The required output is every record, reproduced exactly.

DATASET EXCERPTS:
+--
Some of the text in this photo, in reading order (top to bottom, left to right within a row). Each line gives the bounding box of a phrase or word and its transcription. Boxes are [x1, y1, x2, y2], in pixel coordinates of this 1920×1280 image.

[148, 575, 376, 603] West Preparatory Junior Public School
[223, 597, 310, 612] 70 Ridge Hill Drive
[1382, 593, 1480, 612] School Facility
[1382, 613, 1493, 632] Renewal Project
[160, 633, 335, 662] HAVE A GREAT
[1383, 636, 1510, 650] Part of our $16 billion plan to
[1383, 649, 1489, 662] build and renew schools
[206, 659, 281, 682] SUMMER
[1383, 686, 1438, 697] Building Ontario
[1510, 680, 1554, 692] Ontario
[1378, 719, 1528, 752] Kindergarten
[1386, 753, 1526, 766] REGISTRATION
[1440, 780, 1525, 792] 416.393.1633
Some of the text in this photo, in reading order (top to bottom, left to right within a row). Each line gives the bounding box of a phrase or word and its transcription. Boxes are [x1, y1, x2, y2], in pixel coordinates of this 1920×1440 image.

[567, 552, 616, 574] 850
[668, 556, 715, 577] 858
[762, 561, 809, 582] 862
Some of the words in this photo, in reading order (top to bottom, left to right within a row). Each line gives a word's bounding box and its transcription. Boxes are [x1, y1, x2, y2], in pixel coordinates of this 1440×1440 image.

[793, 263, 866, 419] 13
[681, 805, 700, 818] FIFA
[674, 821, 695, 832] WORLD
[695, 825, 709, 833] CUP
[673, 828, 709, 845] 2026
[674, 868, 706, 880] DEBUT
+--
SOLUTION TO THE EXERCISE:
Some of the text in this photo, in reading order (top to bottom, left to right within a row). Each line gives the bounding box of a phrase or word and its transcription. Boxes are [x1, y1, x2, y2], in pixel coordinates of this 1920×1280 image.

[148, 575, 376, 603] West Preparatory Junior Public School
[223, 597, 310, 612] 70 Ridge Hill Drive
[1382, 593, 1480, 612] School Facility
[1382, 613, 1493, 632] Renewal Project
[160, 633, 335, 662] HAVE A GREAT
[1383, 636, 1510, 650] Part of our $16 billion plan to
[1383, 649, 1489, 662] build and renew schools
[206, 659, 281, 682] SUMMER
[1383, 686, 1438, 697] Building Ontario
[1510, 680, 1554, 692] Ontario
[1378, 719, 1528, 752] Kindergarten
[1386, 753, 1526, 766] REGISTRATION
[1440, 780, 1525, 792] 416.393.1633
Some of the text in this photo, in reading order (top to bottom, left to right within a row). Each line gives the bounding box of a phrase or word and its transcription. Boxes are [x1, y1, x2, y2], in pixel coordinates of this 1920×1440 image.

[567, 552, 616, 574] 850
[668, 556, 715, 577] 858
[762, 561, 809, 582] 862
Some of the words in this photo, in reading order (top to bottom, left to right within a row). Each line gives a word's bounding box and its transcription. Boxes are [x1, y1, x2, y2], in pixel coordinates of this 1440×1440 image.

[793, 263, 866, 419] 13
[681, 805, 700, 818] FIFA
[674, 821, 695, 832] WORLD
[695, 825, 709, 833] CUP
[673, 828, 709, 845] 2026
[674, 868, 706, 880] DEBUT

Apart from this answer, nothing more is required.